# WHAT IS REQUIRED
Reproduce exactly the line that contains "this 2352×1568 image." and all lines that follow it in the records below, ending with the last one.

# STUDY MATERIAL
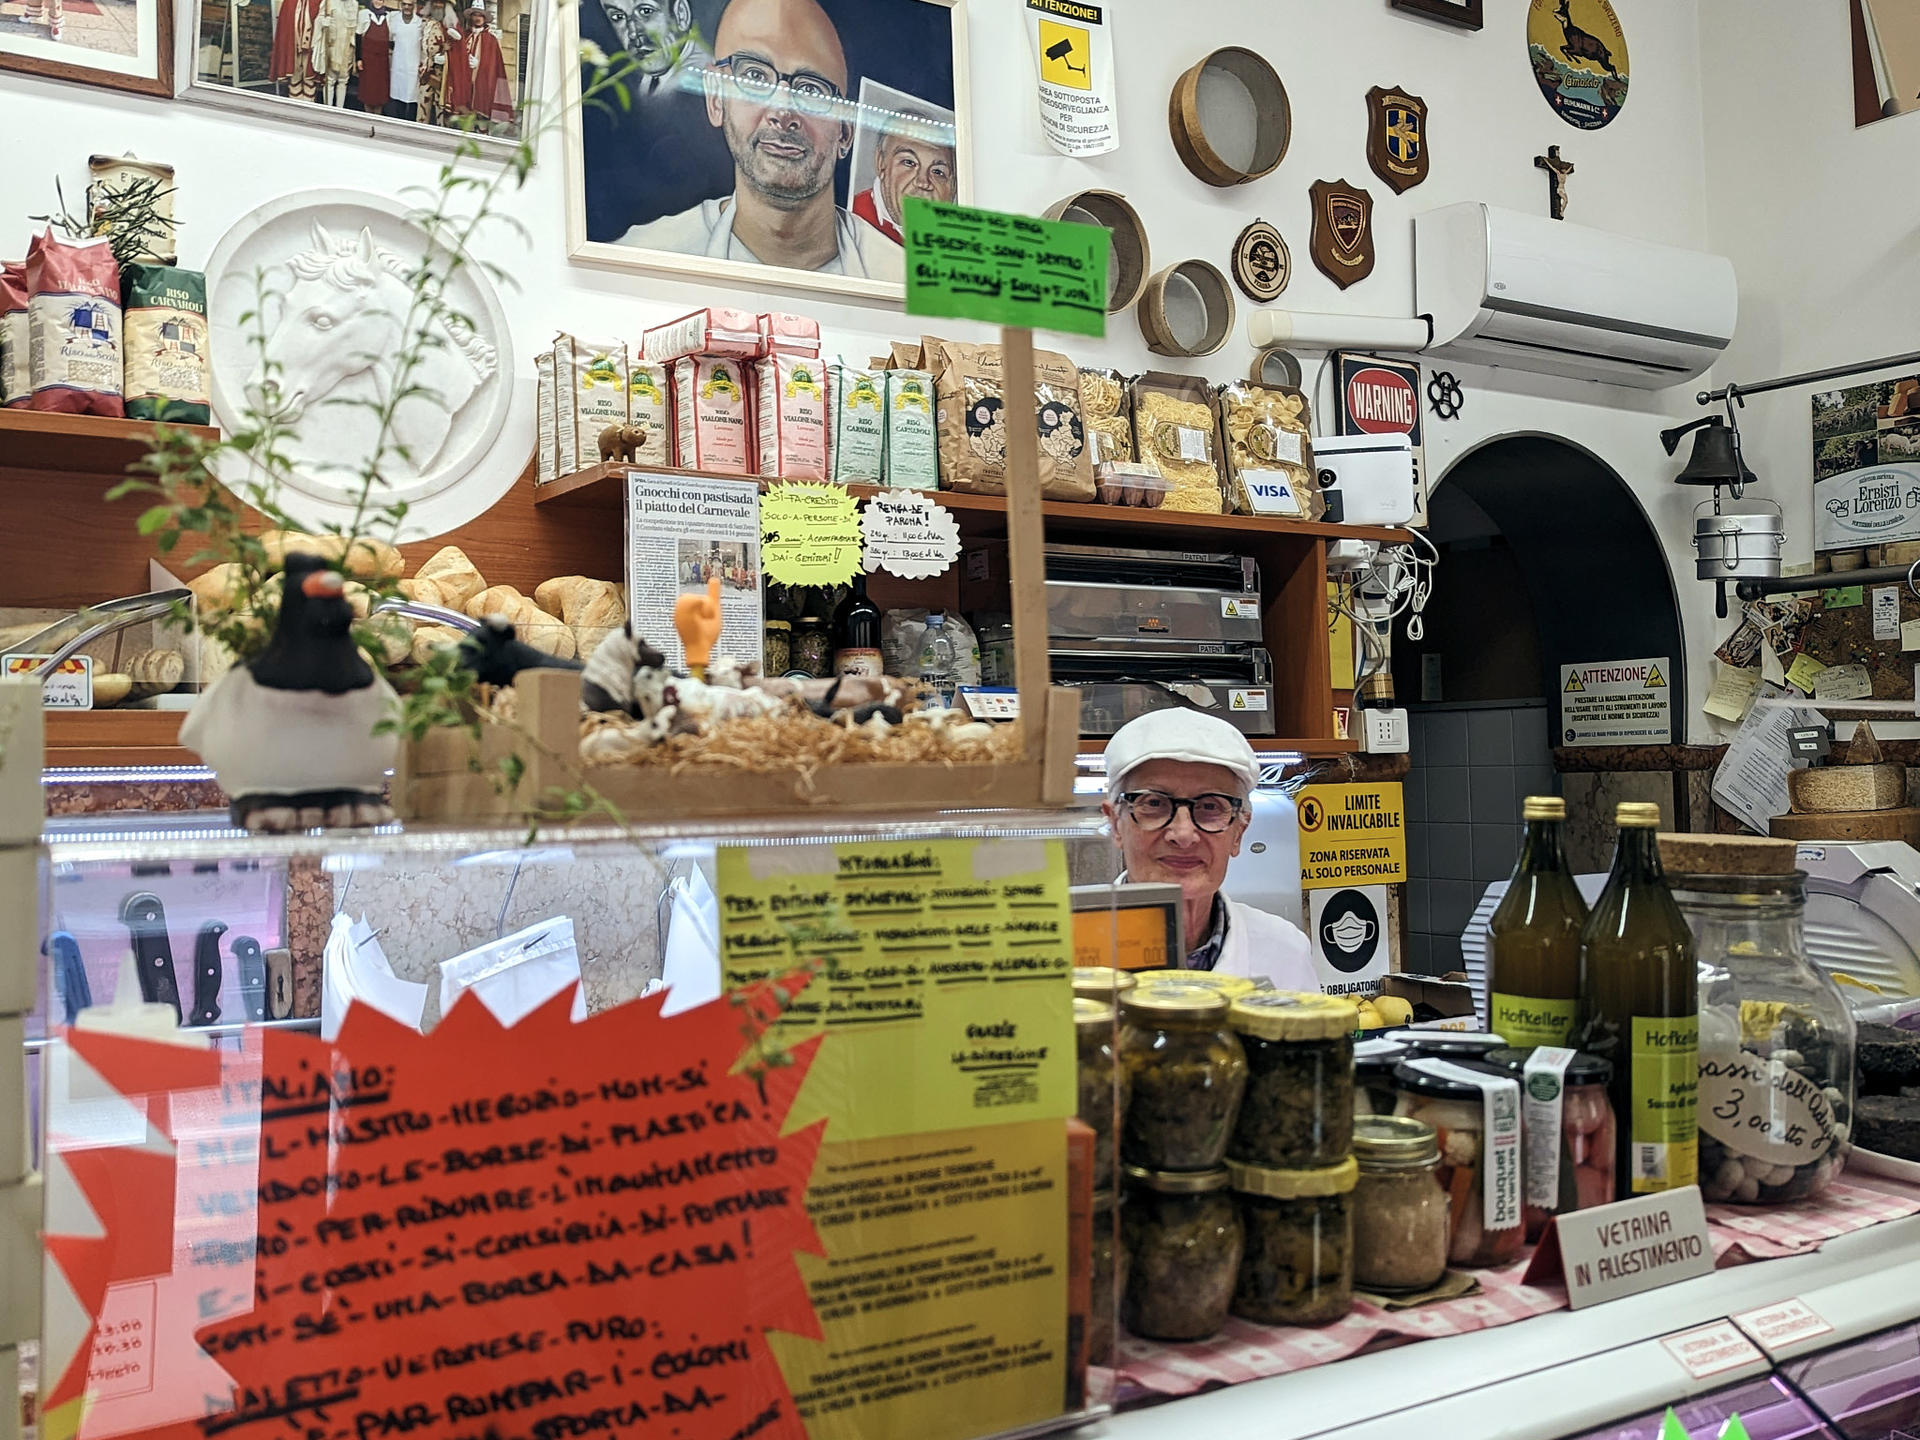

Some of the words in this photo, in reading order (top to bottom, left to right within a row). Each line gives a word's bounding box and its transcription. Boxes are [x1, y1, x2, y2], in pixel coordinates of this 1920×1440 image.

[1053, 90, 1101, 105] SOTTOPOSTA
[1059, 112, 1073, 123] PER
[1066, 124, 1109, 135] SICUREZZA
[166, 287, 190, 300] RISO
[150, 296, 204, 314] CARNAROLI
[1352, 381, 1413, 426] WARNING
[700, 415, 729, 423] VIALONE
[634, 484, 680, 500] Gnocchi
[681, 490, 701, 501] con
[703, 491, 754, 506] pastisada
[1250, 484, 1291, 499] VISA
[635, 499, 643, 511] il
[644, 501, 677, 514] piatto
[678, 502, 696, 515] del
[696, 503, 751, 518] Carnevale
[1853, 496, 1902, 515] Lorenzo
[1183, 553, 1209, 562] PATENT
[1199, 645, 1225, 654] PATENT
[1582, 666, 1648, 684] ATTENZIONE
[1574, 695, 1597, 704] PRESTARE
[1598, 695, 1605, 703] LA
[1627, 693, 1656, 701] ATTENZIONE
[1592, 704, 1605, 712] TUTTI
[1614, 703, 1641, 711] STRUMENTI
[1648, 701, 1668, 710] LAVORO
[1601, 712, 1607, 720] LE
[1607, 712, 1625, 720] NORME
[1344, 793, 1381, 812] LIMITE
[1327, 811, 1400, 832] INVALICABILE
[1309, 851, 1337, 863] ZONA
[1341, 846, 1390, 861] RISERVATA
[1300, 867, 1314, 880] AL
[1315, 866, 1342, 880] SOLO
[1344, 861, 1400, 877] PERSONALE
[1499, 1005, 1569, 1026] Hofkeller
[1507, 1146, 1516, 1206] verdure
[1494, 1150, 1506, 1223] bouquet
[1596, 1210, 1673, 1249] VETRINA
[1574, 1262, 1592, 1288] IN
[1597, 1234, 1703, 1282] ALLESTIMENTO
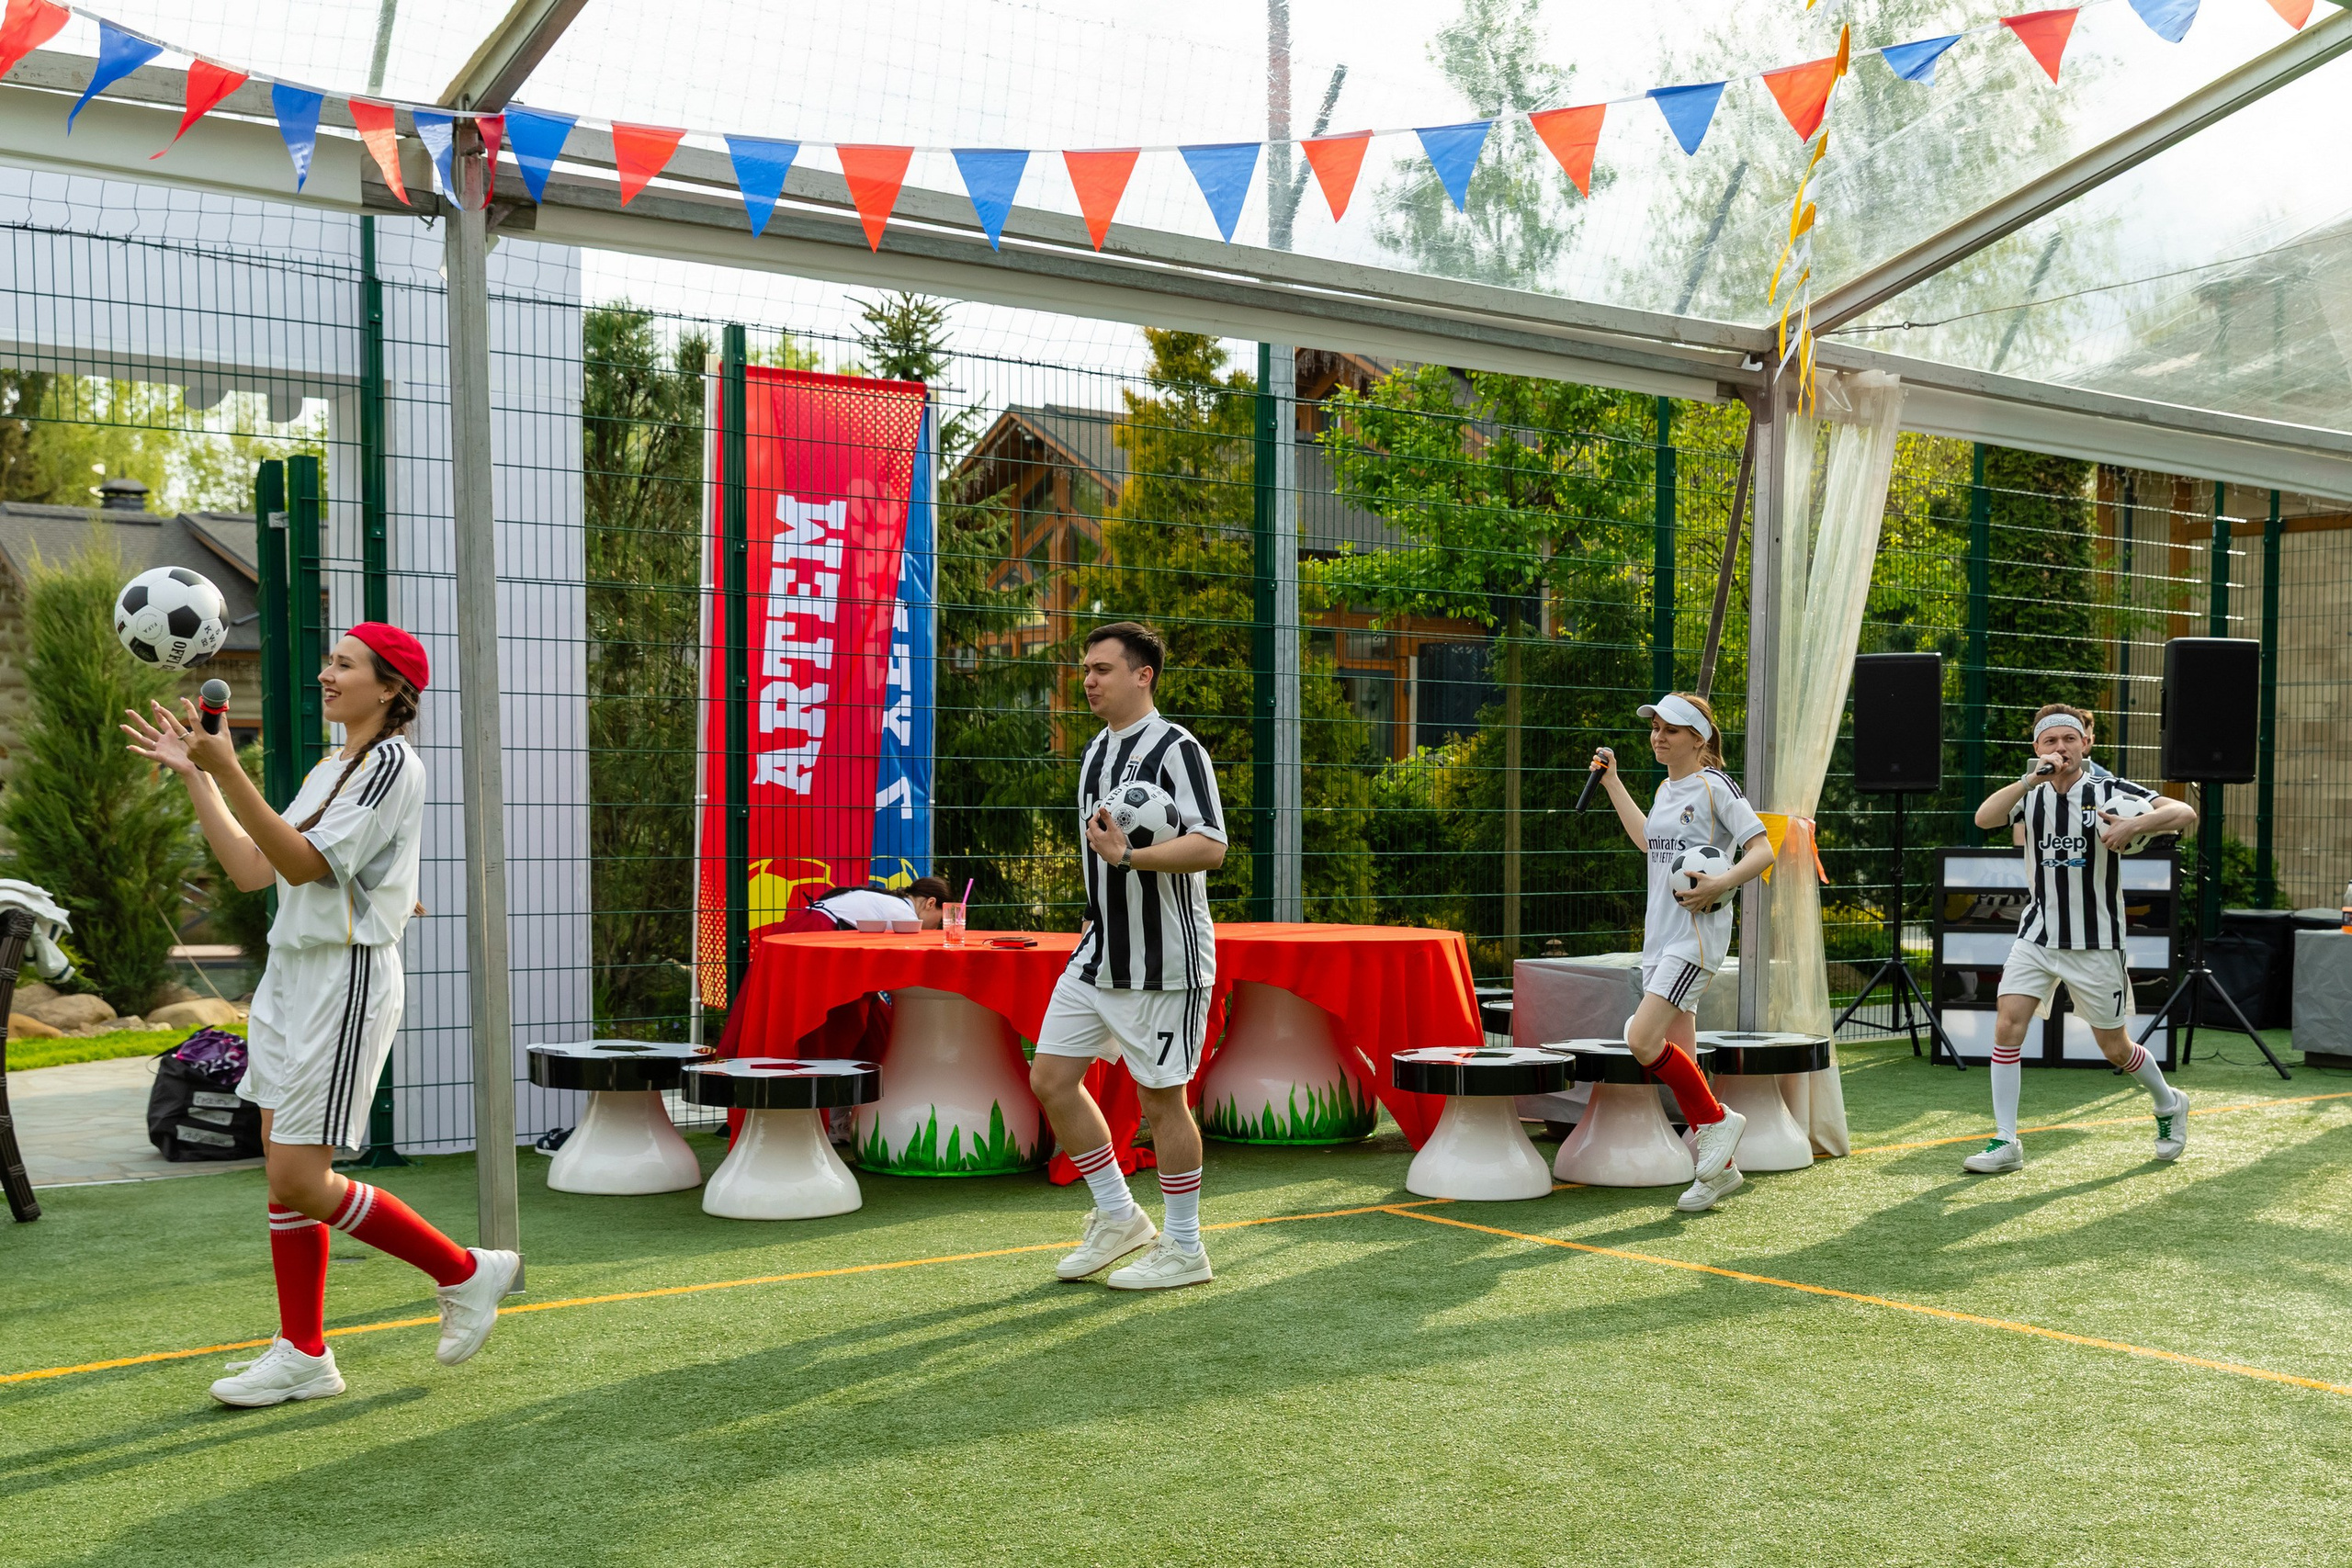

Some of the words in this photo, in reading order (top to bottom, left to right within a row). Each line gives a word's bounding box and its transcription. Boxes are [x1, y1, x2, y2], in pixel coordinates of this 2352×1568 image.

[752, 493, 847, 795] ARTEM
[1647, 835, 1686, 851] mirats
[2039, 832, 2087, 852] Jeep
[2113, 990, 2122, 1017] 7
[1157, 1032, 1174, 1066] 7

# THE COMPLETED TASK
Some of the words in this photo, in reading order (top to bottom, left to right within a row). Each line gives a word's bounding box and its transcription. Boxes are [x1, y1, x2, y2], in pixel coordinates of this 2352×1568 image.

[752, 493, 847, 795] ARTEM
[1647, 835, 1686, 851] mirats
[2039, 832, 2087, 852] Jeep
[2113, 990, 2122, 1017] 7
[1157, 1032, 1174, 1066] 7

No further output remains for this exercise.